Data Policies & Standards and Regulatory Compliance: These policies align with the regulations that govern the use and development of properties, such as zoning laws, environmental regulations, and building and fire codes. Similarly, data policies and standards define the rules for managing data within an organisation and are derived from applicable regulations, such as those on data privacy and protection.
Metadata Management: Metadata is data about data. It describes a data asset by its attributes, ownership, access permissions, access history, location, record count, and total size. It can be compared to detailed information about a property and its features, such as the total square footage and cubic footage, the owner, the number of rooms, its location, and who has keys to the building.
Data Quality: Data quality refers to how well data serves its intended purpose, as measured along dimensions such as accuracy, completeness, and consistency. In real estate management, data quality is comparable to the condition and upkeep of a property, such as whether it has any defects or safety hazards.

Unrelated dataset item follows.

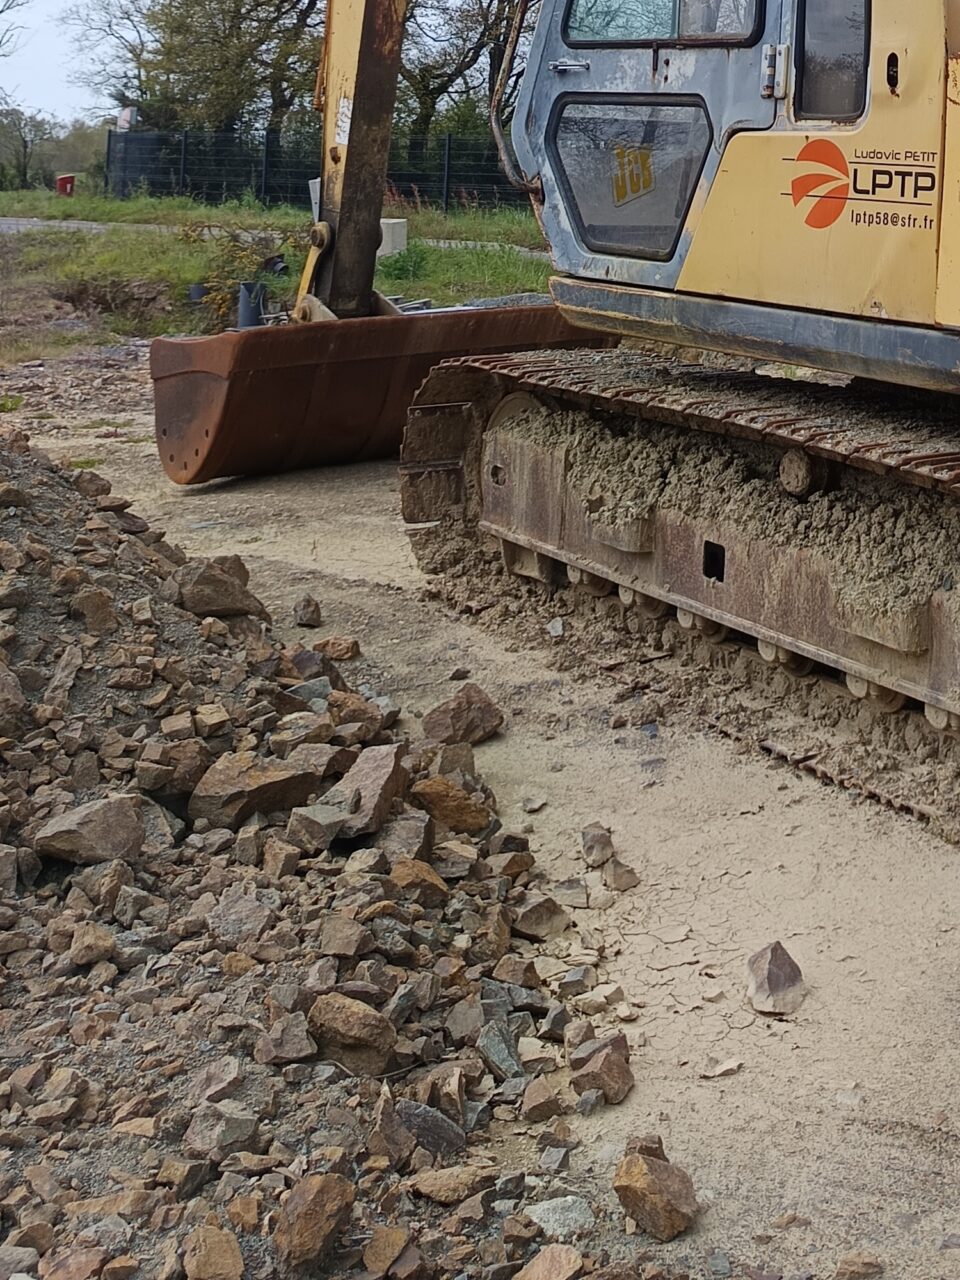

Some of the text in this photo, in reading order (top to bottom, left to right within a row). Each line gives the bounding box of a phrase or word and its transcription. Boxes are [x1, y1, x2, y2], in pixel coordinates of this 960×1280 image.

Data Remediation: Data remediation refers to the process of identifying and correcting data quality issues. In real estate management, data remediation is comparable to the process of identifying and correcting property defects, such as a leaky roof or a faulty foundation, to maintain a property's value and safety.
Data Usage: This is comparable to measuring property usage, which helps determine its potential value. This includes occupancy rates but perhaps even more detailed logs of who entered the building, when, and for how long. Similarly, data usage measurement involves tracking and measuring how and by whom data is used within an organisation, as well as the extent to which data assets are adopted.
Interoperability: The term interoperability refers to the compatibility of a property with other properties and (upstream or downstream) systems, as well as its ability to share common infrastructure or resources. For example, a building is connected to the electrical grid, water network, and sewage system, where each connection comes with precisely defined standards for voltage, water pressure, pipeline sizes, and sewage. In a similar sense, data interoperability refers to the ability of the asset to exchange data and work together seamlessly with various other systems and applications, subject to common standards.
Data Storage: Data storage can be compared to the physical size and foundational structure of a property. A property might have to be of a certain minimum size, for example, to accommodate industrial machines or to house families of a certain size. Similarly, data storage refers to the physical or virtual storage capacity in databases, data warehouses or data lakes.
Data Lifecycle: The data lifecycle is comparable to the life cycle of a property, which involves stages such as construction, maintenance, renovation, and demolition. Similarly, data lifecycle management involves managing data through various stages, such as creation, storage, use, archiving, and disposal.
Data Integration: Roads and transportation systems connect different properties and neighbourhoods. A particular building may make it easy to access public transport and a nearby highway. Data integration involves connecting data from different domains and sources, including tasks such as data cleansing, data mapping, and data transformation to ensure that data from different systems can be used together. Without integration, you can’t access or use the data; similarly, you wouldn't be able to enter or use a building.